Шагая по улице, ведущей к Верхнему рынку, Афраний внимательно поглядывал по сторонам из-под капюшона. Плащ не только скрывал лицо и фигуру начальника тайной полиции, в его складках Бурр прятал и гладиус, и заточенный до бритвенной остроты пугио, притаившийся в кожаных с медью ножнах. Улицы, несмотря на поздний час и падавшую на город тьму, полнились людьми. Конечно же, толпа не была такой плотной, как днем, но все равно прохожих на улицах было слишком много для такого часа. Некоторые, так и не нашедшие себе места для ночлега, укладывались спать под стенами домов, другие мостились у чужих дверей — мужчины, женщины, дети…
Ночью им не позавидуешь, подумал Афраний. Те, кто ночует на площадях, разведут костры. Здесь же огня не зажжешь, не дадут.
Дома в Нижнем городе были богатыми, жили в этих кварталах все больше состоятельные торговцы, золотых дел ремесленники, поэтому двери ставили прочные, с железом и бронзой, а высокие, тщательно выбеленные известью стены поднимались вверх — не залезешь, не перепрыгнешь. Не дома, а маленькие крепости, стоящие настолько близко друг к другу, что двум всадникам не разъехаться. Их хозяева не будут рады тому, что под их стенами ночуют десятки и сотни приезжих. Но что поделаешь? Песах! Каждый еврей хочет посетить Храм и принести жертву своему невидимому Богу!
Были вещи, которые начальник тайной полиции полагал выше своего разумения.

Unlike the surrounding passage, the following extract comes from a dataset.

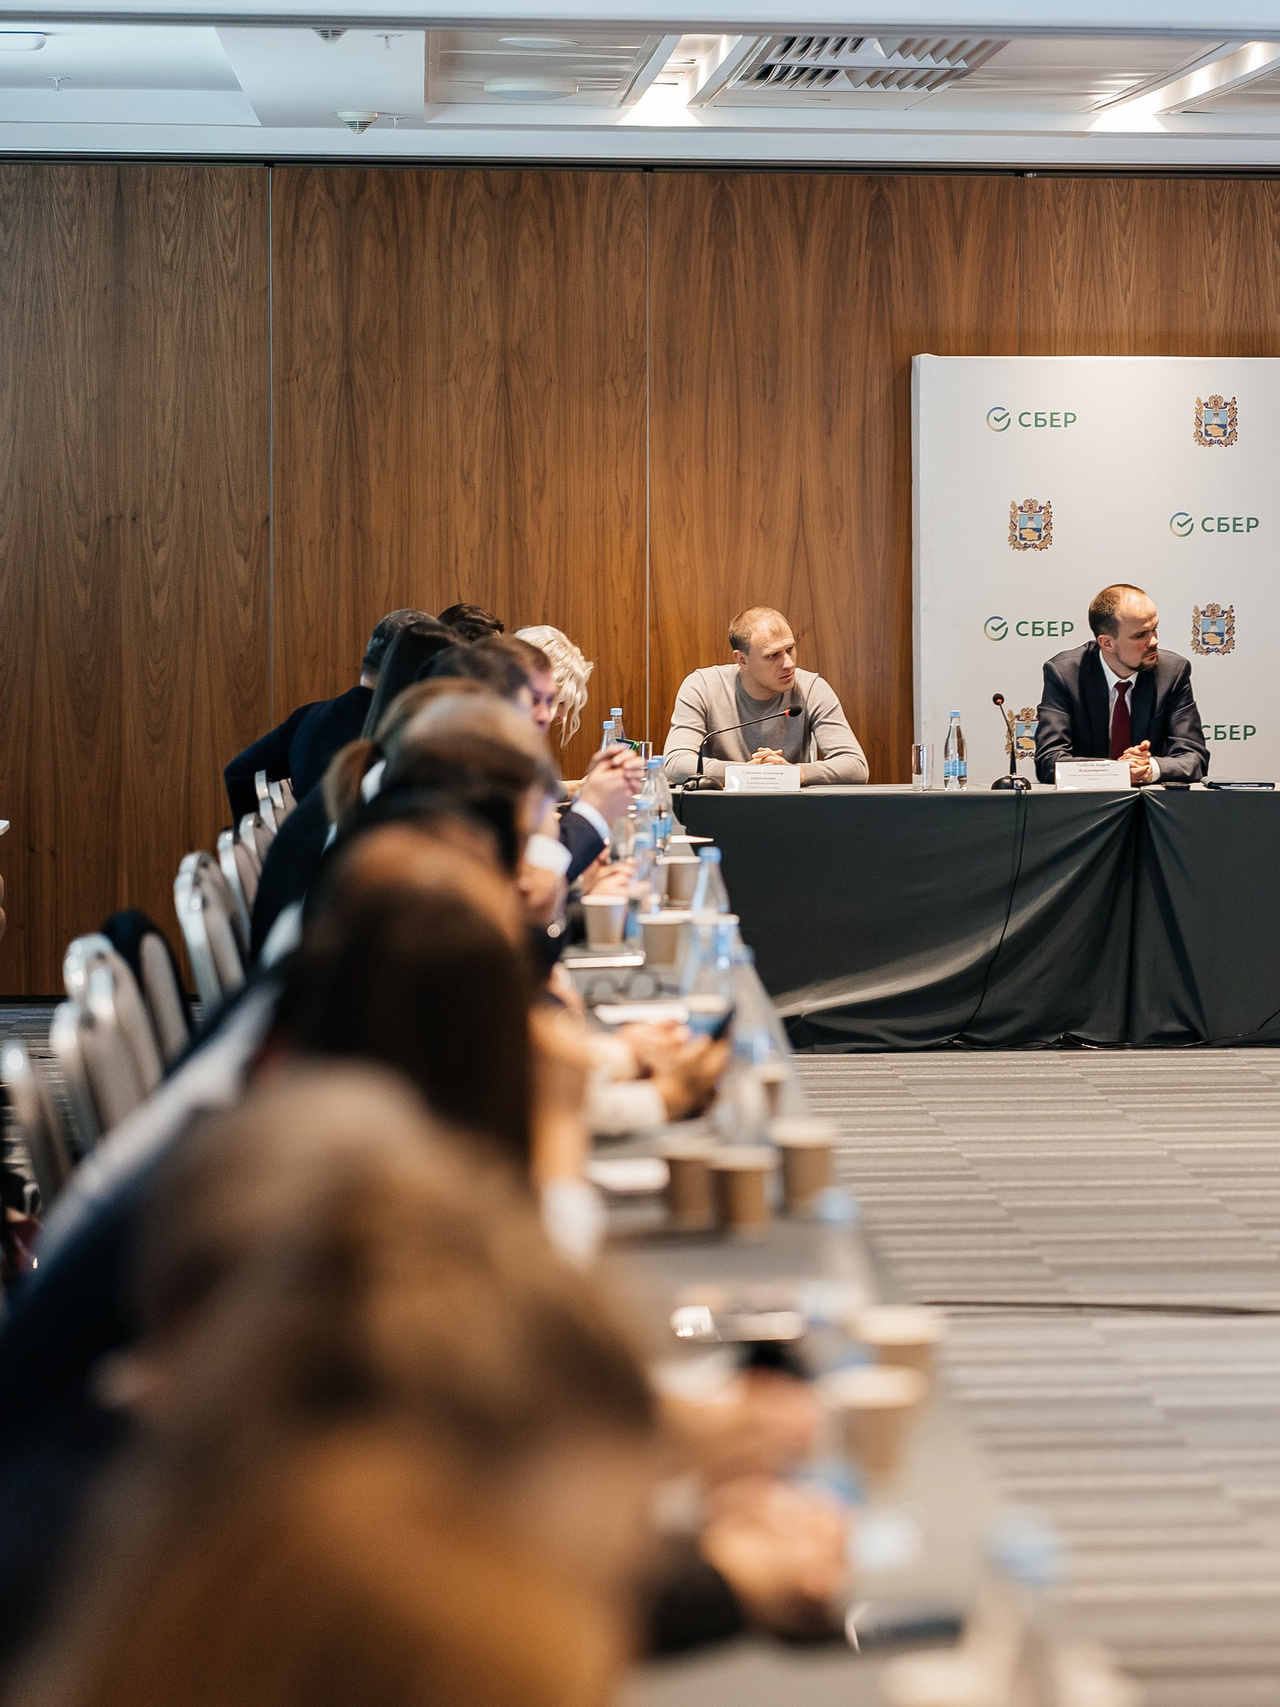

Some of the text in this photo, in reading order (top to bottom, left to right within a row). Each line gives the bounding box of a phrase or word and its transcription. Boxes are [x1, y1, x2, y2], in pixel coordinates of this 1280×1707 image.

Рим имел свою религию, и, наверное, чтил своих богов. Но в сравнении с верой, которую нес в себе этот народ, Империя не верила в богов вообще. Разбитая на четыре провинции Иудея, казалось, была лишена единства. Северяне недоверчиво относились к южанам, и те платили им той же монетой. Выходцы с востока терпеть не могли всех остальных, обитатели приморских городов заносились перед жителями горных районов.
Но во время молитвы…
Все иудеи, где бы они ни жили и из какого рода не происходили бы, молились одному Богу, и их белоснежный Храм с золотой чешуей крыш был той самой твердыней, собиравшей народ воедино. Вера губила их, вера отделяла их от всего остального мира, сковывала сотнями смешных запретов, но она же и спасала это племя от ухода в небытие. Ни греки, владевшие Эрец Исраэль сотни лет, ни римляне, снова поставившие иудеев на колени сравнительно недавно, ничего не изменили — в весенний месяц нисан сотни тысяч иудеев со всего мира едут, чтобы принести своему Богу жертвенного агнца, чтобы храмовый жрец окропил четыре угла алтаря свежей кровью. Едут, чтобы внести в сокровищницу Храма свою лепту — и вот он! Громадный, белый с золотом, хранящий в себе сокровища, которые собирали поколения верующих иудеев. Прав, прав прокуратор — тот, кто обещает разрушить Храм, не враг Риму! Нет другого способа изменить этот народ! Зелоты, саддукеи, фарисеи да и идумейцы, давно ставшие полуэллинами — все они молятся одному Богу! Если же отобрать у них единство в вере — не станет народа…
Размышляя, Афраний неторопливо шагал, двигаясь к одному из висячих мостов, переброшенных через провал Сыроварной долины — такой путь к Антониевой башне был самым коротким. Он тоже устал.